* Exercise goal: Make an exact copy of the records below, excluding images.

*** Extracted entries ***

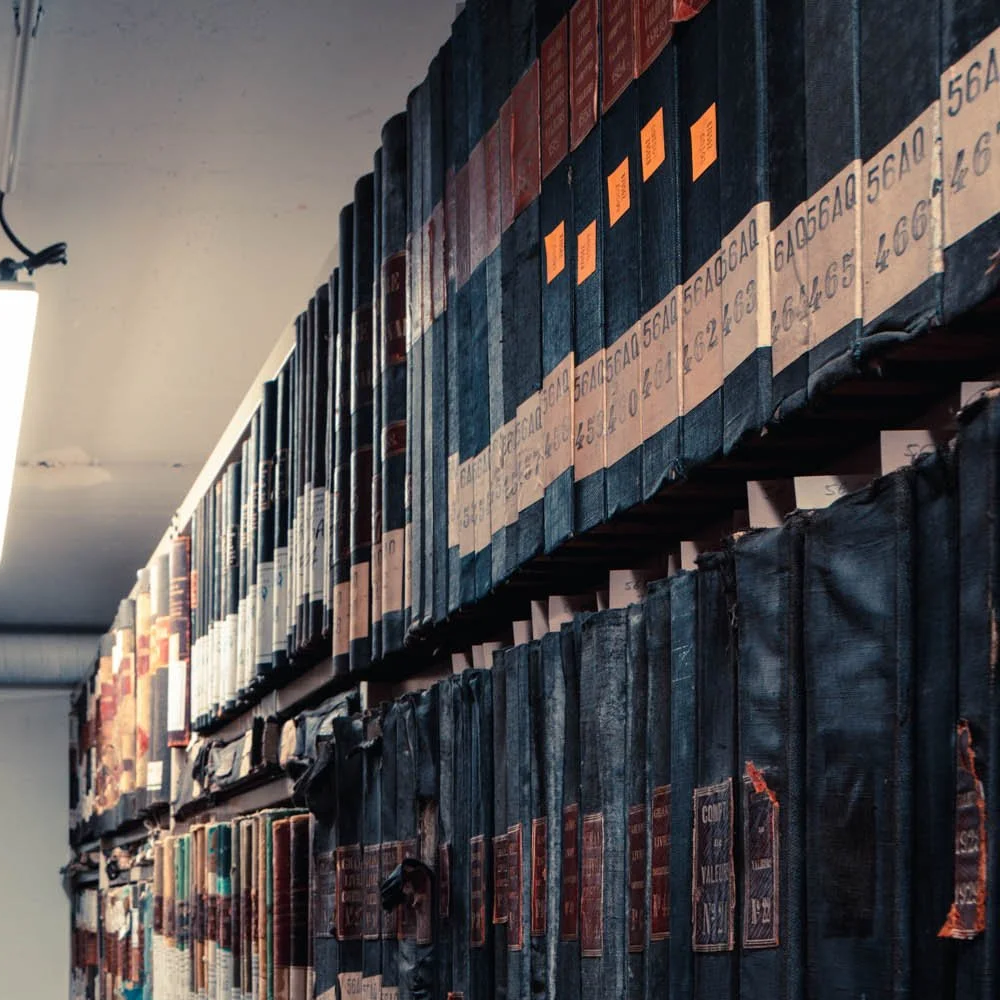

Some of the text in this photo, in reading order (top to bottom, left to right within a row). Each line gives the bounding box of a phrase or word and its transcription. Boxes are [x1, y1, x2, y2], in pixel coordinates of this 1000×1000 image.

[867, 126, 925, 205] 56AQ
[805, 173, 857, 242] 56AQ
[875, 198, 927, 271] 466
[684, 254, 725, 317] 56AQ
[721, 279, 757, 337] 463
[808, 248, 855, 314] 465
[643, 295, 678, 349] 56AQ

*** End of Extracted entries ***

* Written solution:
Some of the text in this photo, in reading order (top to bottom, left to right within a row). Each line gives the bounding box of a phrase or word and its transcription. Boxes are [x1, y1, x2, y2], in pixel coordinates of this 1000×1000 image.

[867, 126, 925, 205] 56AQ
[805, 173, 857, 242] 56AQ
[875, 198, 927, 271] 466
[684, 254, 725, 317] 56AQ
[721, 279, 757, 337] 463
[808, 248, 855, 314] 465
[643, 295, 678, 349] 56AQ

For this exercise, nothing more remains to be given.